### SOURCE DATA ###

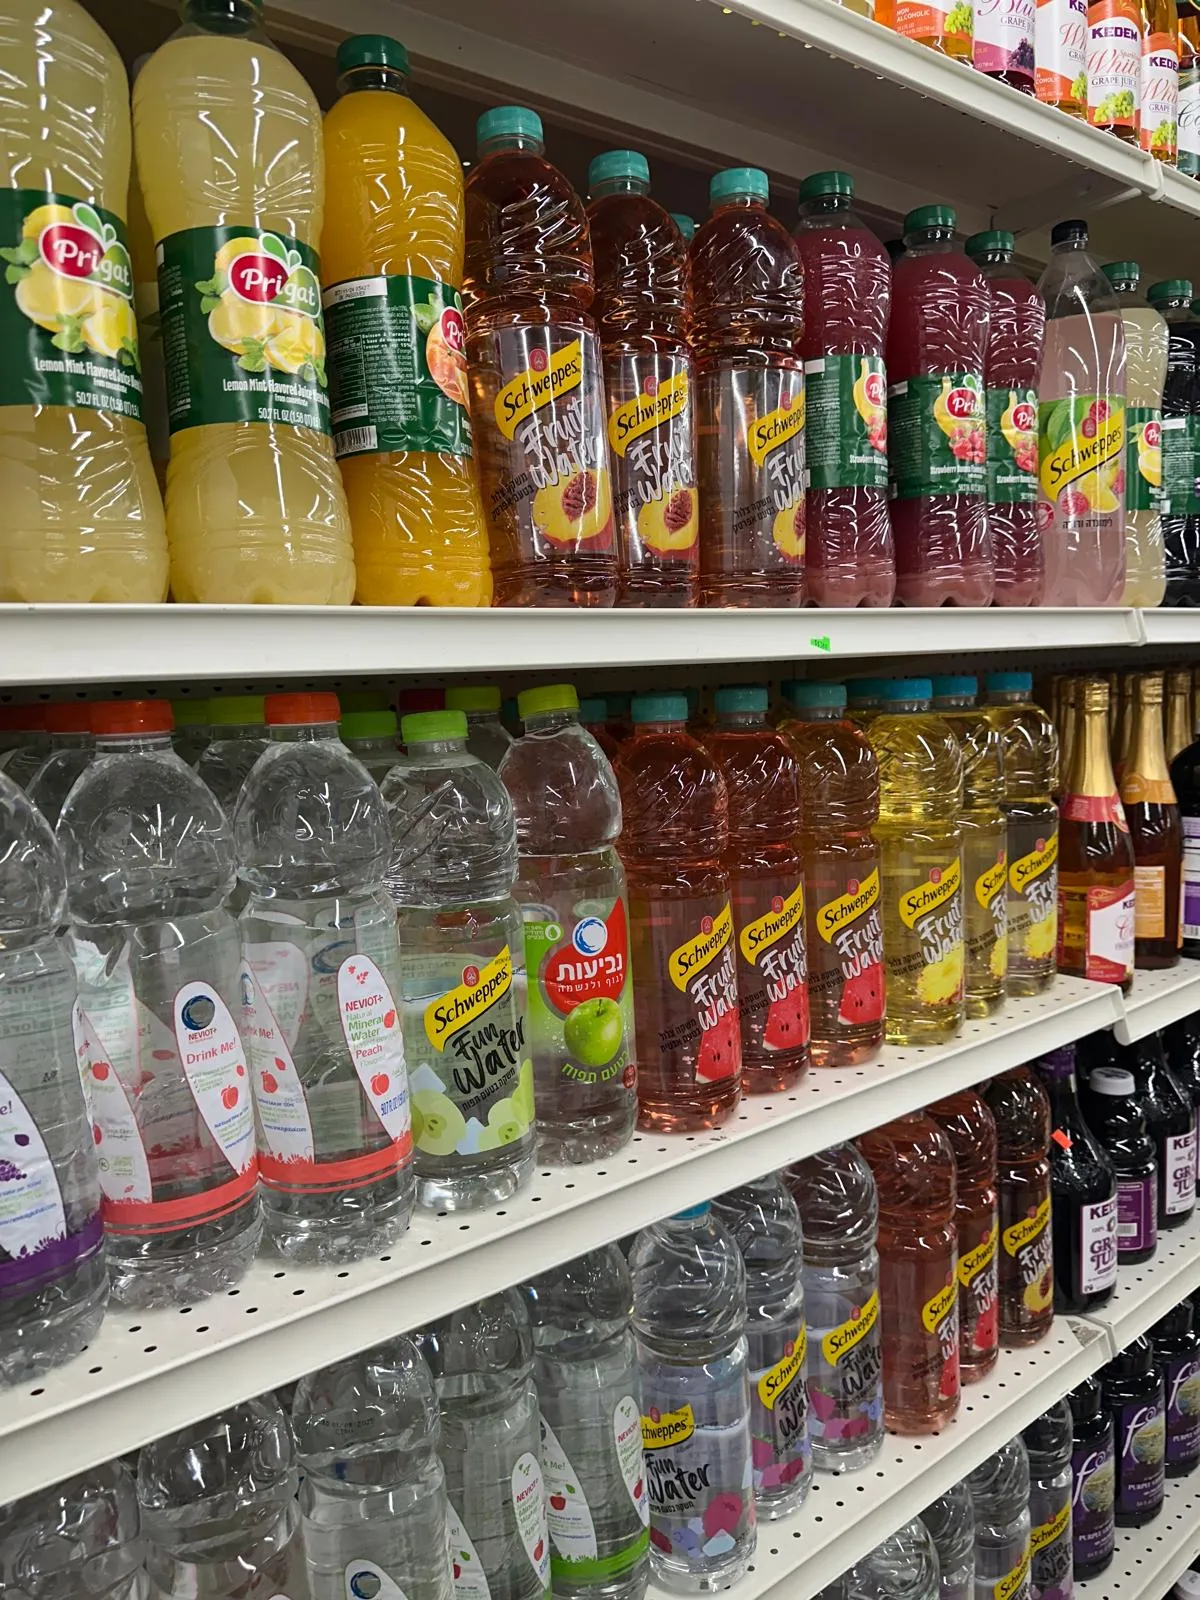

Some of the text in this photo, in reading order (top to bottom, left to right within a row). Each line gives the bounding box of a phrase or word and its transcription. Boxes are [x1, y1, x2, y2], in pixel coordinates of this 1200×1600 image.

[896, 10, 930, 23] ALCOHOLIC
[1092, 26, 1138, 41] KEDEM
[1092, 77, 1118, 87] GRAPE
[52, 239, 131, 287] Prigat
[239, 268, 316, 307] Prigat
[35, 357, 64, 372] Lemon
[65, 359, 86, 375] Mint
[86, 362, 116, 381] Flavored
[223, 379, 248, 392] Lemon
[249, 379, 267, 392] Mint
[268, 379, 298, 396] Flavored
[503, 359, 579, 422] Schweppes
[258, 408, 272, 420] 50.7
[1050, 427, 1122, 485] Schweppes
[824, 882, 877, 930] Schweppes
[906, 873, 959, 916] Schweppes
[748, 900, 801, 951] Schweppes
[836, 908, 882, 958] Fruit
[917, 896, 962, 943] Fruit
[677, 920, 730, 976] Schweppes
[760, 922, 806, 980] Fruit
[556, 953, 623, 982] נביעות
[691, 944, 735, 1007] Fruit
[434, 964, 509, 1034] Schweppes
[557, 980, 601, 993] ולנשמה
[345, 994, 384, 1012] NEVIOT+
[258, 1027, 275, 1040] Me!
[348, 1015, 384, 1031] Mineral
[351, 1028, 381, 1042] Water
[186, 1037, 237, 1065] Drink Me!
[355, 1045, 383, 1059] Peach
[452, 1023, 499, 1061] Fun
[453, 1016, 526, 1095] Water
[562, 1063, 597, 1083] תפוח
[641, 1417, 687, 1441] chweppes
[645, 1452, 676, 1477] Fun
[646, 1463, 711, 1504] Water
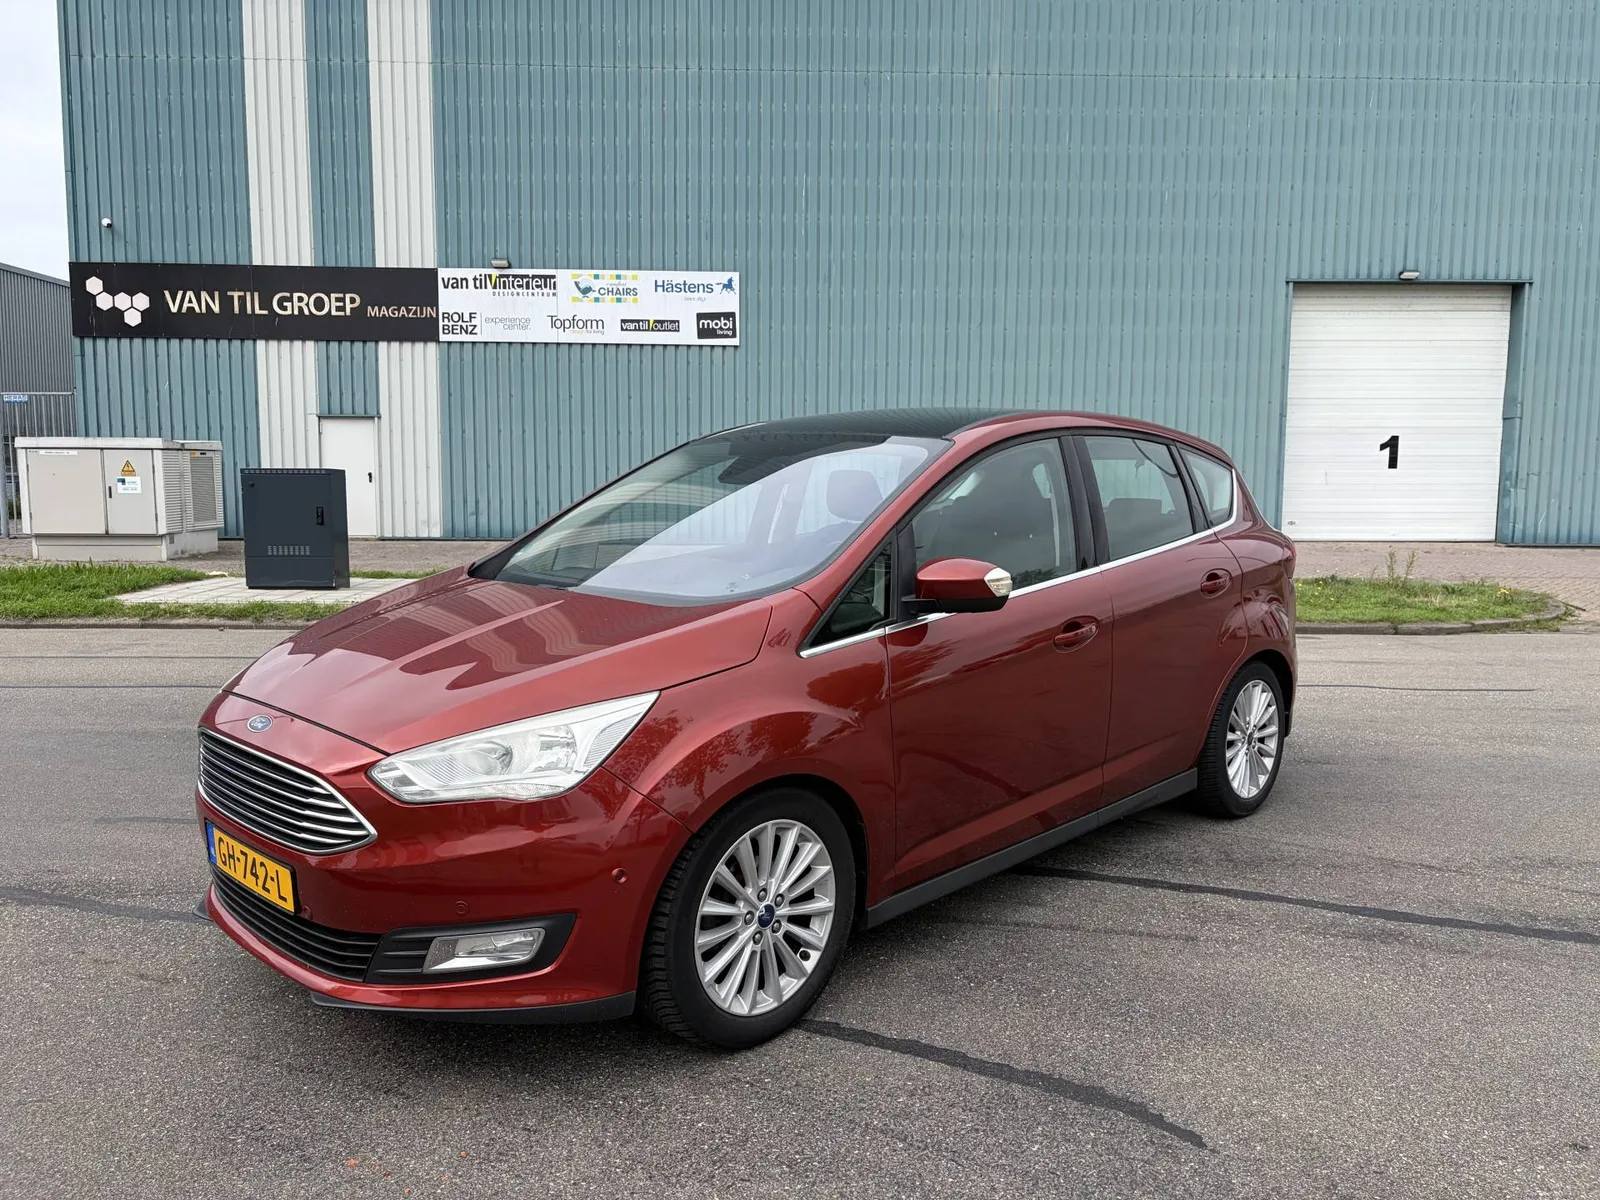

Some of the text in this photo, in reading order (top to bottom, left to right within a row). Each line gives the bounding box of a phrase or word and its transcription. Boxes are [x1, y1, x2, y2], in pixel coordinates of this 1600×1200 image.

[441, 273, 557, 291] van til interieur
[654, 279, 714, 294] Hästens
[597, 286, 638, 297] CHAIRS
[163, 290, 437, 318] VAN TIL GROEP MAGAZIJN
[441, 312, 477, 323] ROLF
[484, 316, 531, 326] experience
[546, 314, 605, 333] Topform
[699, 316, 733, 329] mobi
[441, 324, 478, 335] BENZ
[621, 320, 680, 331] van til outlet
[1379, 435, 1400, 469] 1
[217, 836, 288, 903] GH-742-L

###

_EXERCISE DETAILS_
With the pictures omitted, reproduce the data above exactly.

_TASK SOLUTION_
Some of the text in this photo, in reading order (top to bottom, left to right within a row). Each line gives the bounding box of a phrase or word and its transcription. Boxes are [x1, y1, x2, y2], in pixel coordinates of this 1200×1600 image.

[896, 10, 930, 23] ALCOHOLIC
[1092, 26, 1138, 41] KEDEM
[1092, 77, 1118, 87] GRAPE
[52, 239, 131, 287] Prigat
[239, 268, 316, 307] Prigat
[35, 357, 64, 372] Lemon
[65, 359, 86, 375] Mint
[86, 362, 116, 381] Flavored
[223, 379, 248, 392] Lemon
[249, 379, 267, 392] Mint
[268, 379, 298, 396] Flavored
[503, 359, 579, 422] Schweppes
[258, 408, 272, 420] 50.7
[1050, 427, 1122, 485] Schweppes
[824, 882, 877, 930] Schweppes
[906, 873, 959, 916] Schweppes
[748, 900, 801, 951] Schweppes
[836, 908, 882, 958] Fruit
[917, 896, 962, 943] Fruit
[677, 920, 730, 976] Schweppes
[760, 922, 806, 980] Fruit
[556, 953, 623, 982] נביעות
[691, 944, 735, 1007] Fruit
[434, 964, 509, 1034] Schweppes
[557, 980, 601, 993] ולנשמה
[345, 994, 384, 1012] NEVIOT+
[258, 1027, 275, 1040] Me!
[348, 1015, 384, 1031] Mineral
[351, 1028, 381, 1042] Water
[186, 1037, 237, 1065] Drink Me!
[355, 1045, 383, 1059] Peach
[452, 1023, 499, 1061] Fun
[453, 1016, 526, 1095] Water
[562, 1063, 597, 1083] תפוח
[641, 1417, 687, 1441] chweppes
[645, 1452, 676, 1477] Fun
[646, 1463, 711, 1504] Water

Some of the text in this photo, in reading order (top to bottom, left to right within a row). Each line gives the bounding box of a phrase or word and its transcription. Boxes are [x1, y1, x2, y2], in pixel coordinates of this 1600×1200 image.

[441, 273, 557, 291] van til interieur
[654, 279, 714, 294] Hästens
[597, 286, 638, 297] CHAIRS
[163, 290, 437, 318] VAN TIL GROEP MAGAZIJN
[441, 312, 477, 323] ROLF
[484, 316, 531, 326] experience
[546, 314, 605, 333] Topform
[699, 316, 733, 329] mobi
[441, 324, 478, 335] BENZ
[621, 320, 680, 331] van til outlet
[1379, 435, 1400, 469] 1
[217, 836, 288, 903] GH-742-L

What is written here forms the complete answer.